Synge, Richard Laurence Millington (1914-1994) was a British biochemist who won the 1952 Nobel Prize in chemistry for the invention of partition chromatography. He shared the prize with Archer John Porter Martin, with whom he collaborated on the research.
Synge was born in Liverpool, England, in 1914. He attended Winchester College and in 1933 entered Cambridge University, where he studied physics, chemistry, and physiology, earning his undergraduate degree in 1936. From 1936 to 1939, he was a research assistant at the Cambridge Biochemical Laboratory, where he met Martin. Synge prepared his doctoral thesis on the separation of acetyl amino acids, and he received his doctorate from Cambridge in 1941.

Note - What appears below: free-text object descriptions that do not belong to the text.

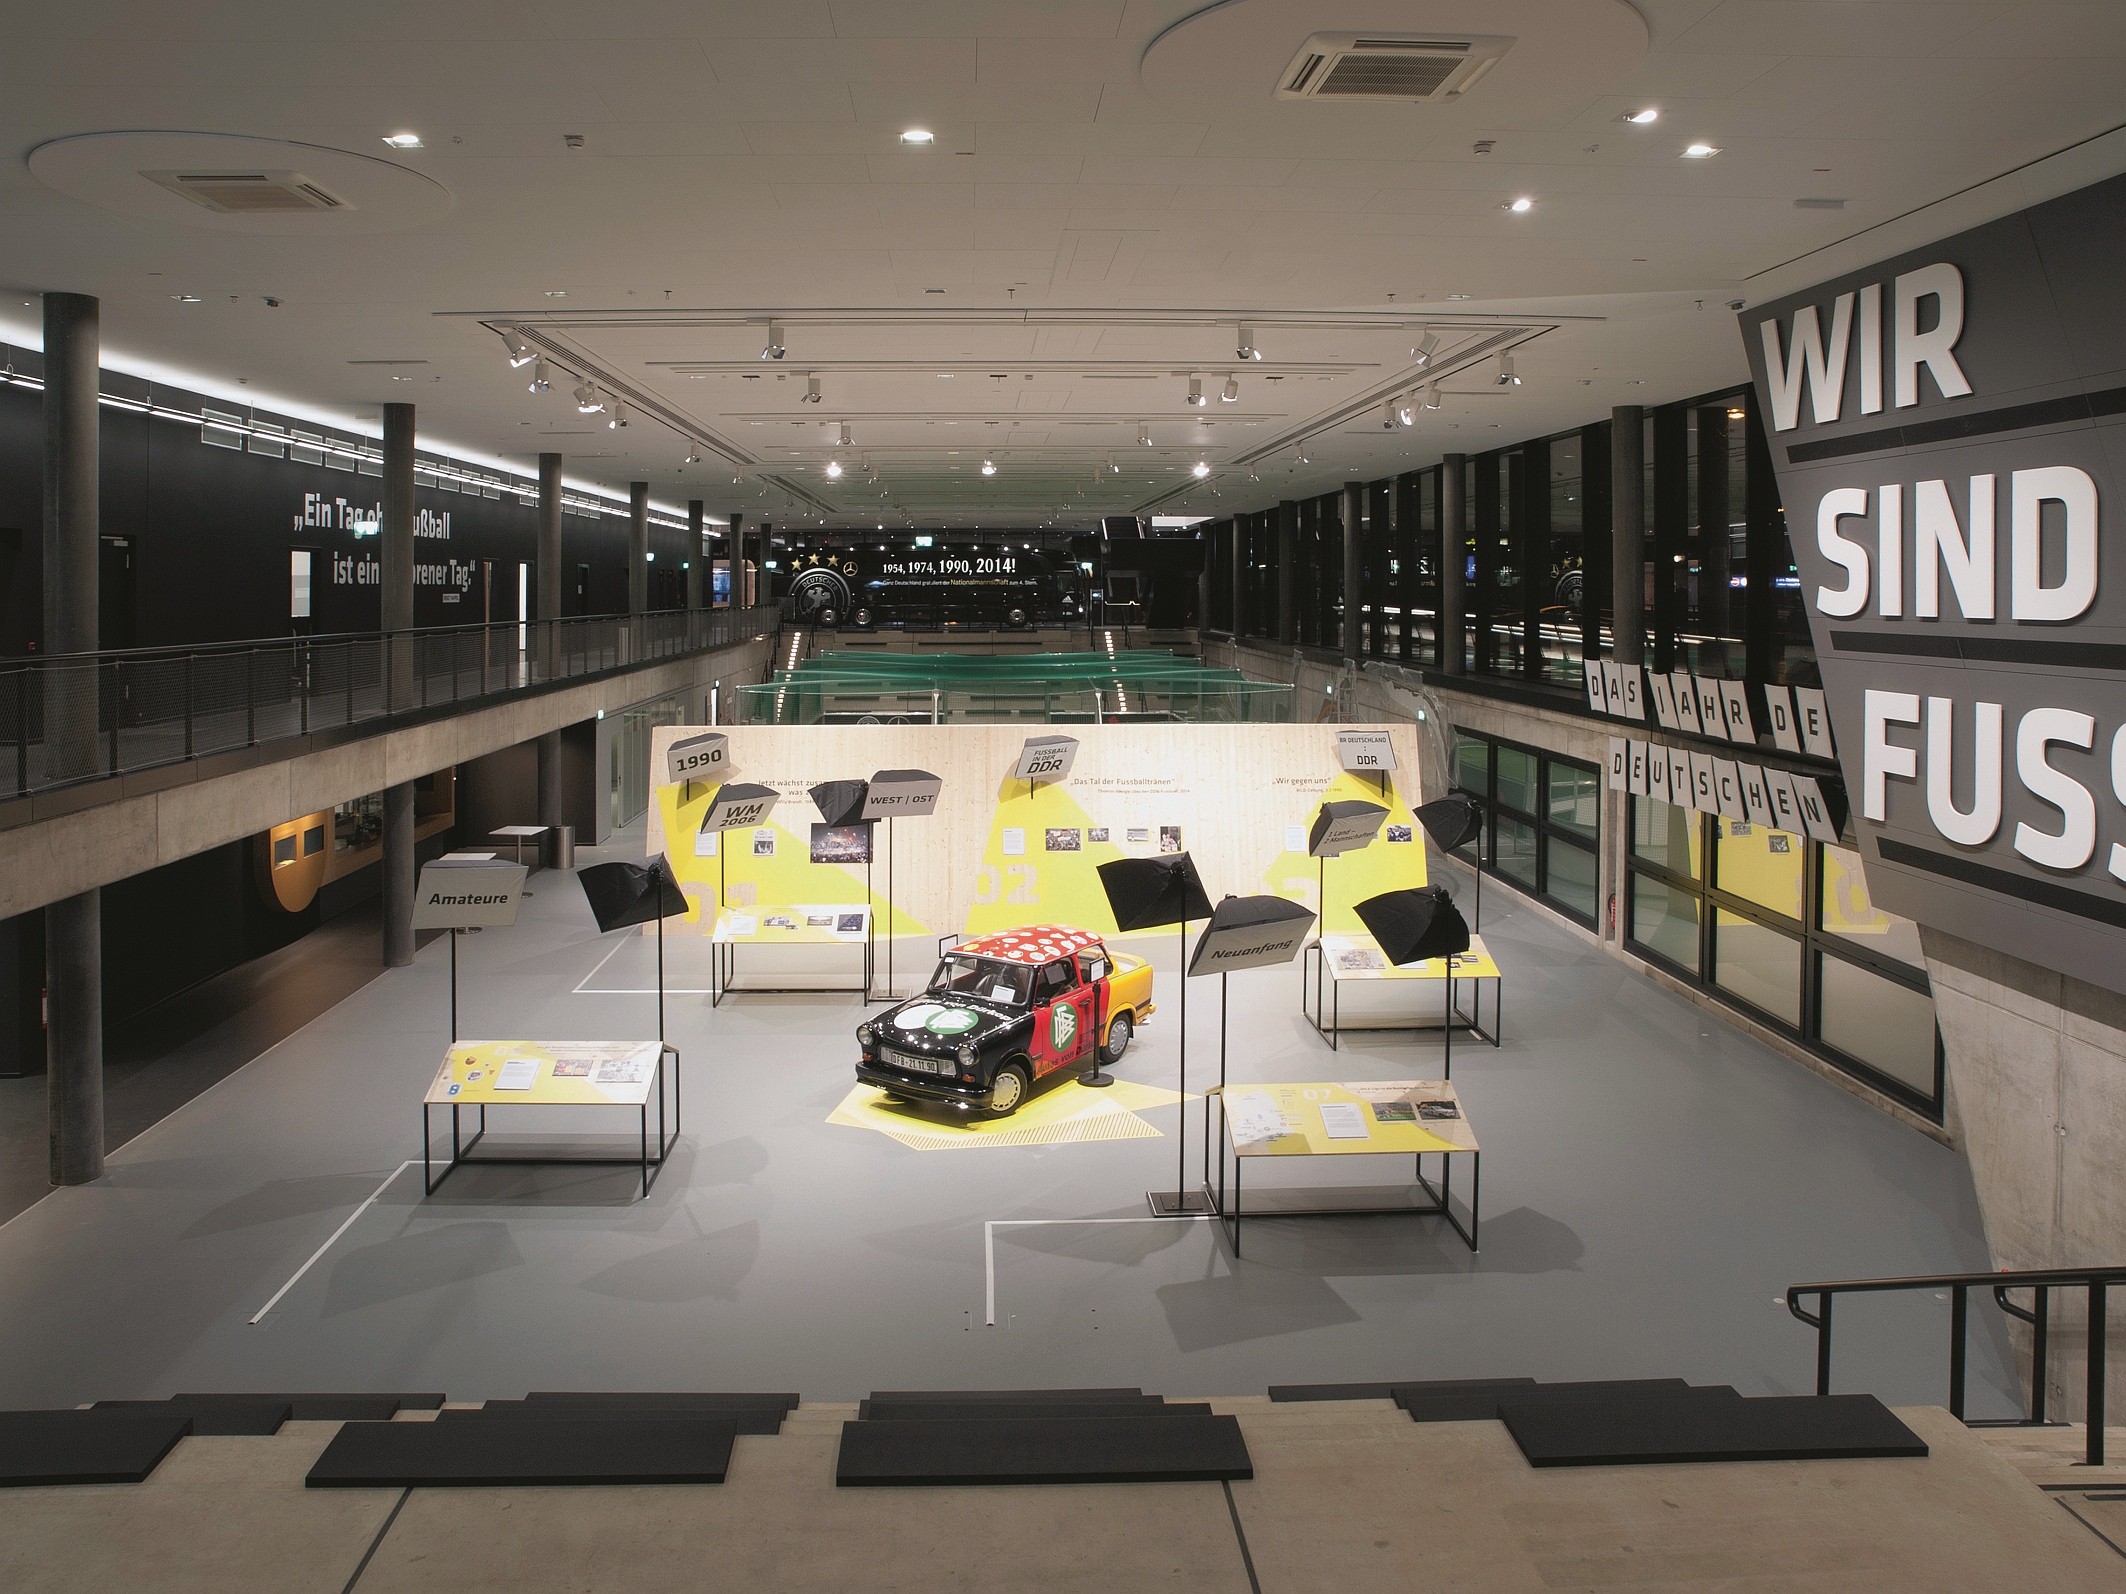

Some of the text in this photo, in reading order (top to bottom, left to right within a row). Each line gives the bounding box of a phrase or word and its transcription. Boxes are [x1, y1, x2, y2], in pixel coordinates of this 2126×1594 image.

[1760, 261, 1973, 432] WIR
[413, 509, 450, 539] ußball
[1816, 465, 2099, 622] SIND
[333, 551, 353, 584] ist
[357, 553, 380, 584] ein
[883, 557, 1016, 575] 1954, 1974, 1990, 2014!
[802, 577, 839, 592] DEUTSCHER
[1591, 675, 1820, 736] DAS JAHR DE
[1034, 747, 1069, 756] FUSSBALL
[677, 749, 723, 772] 1990
[1026, 759, 1063, 774] DDR
[1357, 755, 1379, 765] DDR
[778, 779, 804, 787] wächst
[1291, 778, 1313, 786] gegen
[1614, 752, 1822, 823] DEUTSCHEN
[870, 796, 902, 805] WEST
[912, 795, 934, 804] OST
[726, 803, 763, 818] WM
[719, 814, 758, 827] 2006
[1334, 829, 1351, 837] Land
[967, 863, 1040, 905] 02
[429, 893, 509, 905] Amateure
[1211, 938, 1294, 960] Neuanfang

In 1939, after receiving a scholarship from the International Wool Secretariat for his research on amino acids in wool, Synge accepted a position at the Wool Industries Research Association Laboratories in Leeds, England. With Martin, Synge worked to separate the various molecules that compose complex substances so that those molecules could be better studied. They developed a process that combined adsorption chromatography and countercurrent solvent extraction. The process worked by placing a complex mixture of molecules on one end of a strip of fine cellulose paper. That end would then be placed in a solution of either alcohol and water or chloroform and water. The liquids flowing through the paper would move the complex substance, and the molecules then separated, depending on their rate of adsorption by the paper and by their affinity for either of the two liquids. A series of spots remained on the paper, with the spots indicating which type of molecule was present. By the late 1940's, they improved the cellulose filter methods and developed two-dimensional chromatography. The technique has become an invaluable research tool and has been used in studying plant photosynthesis and DNA sequencing.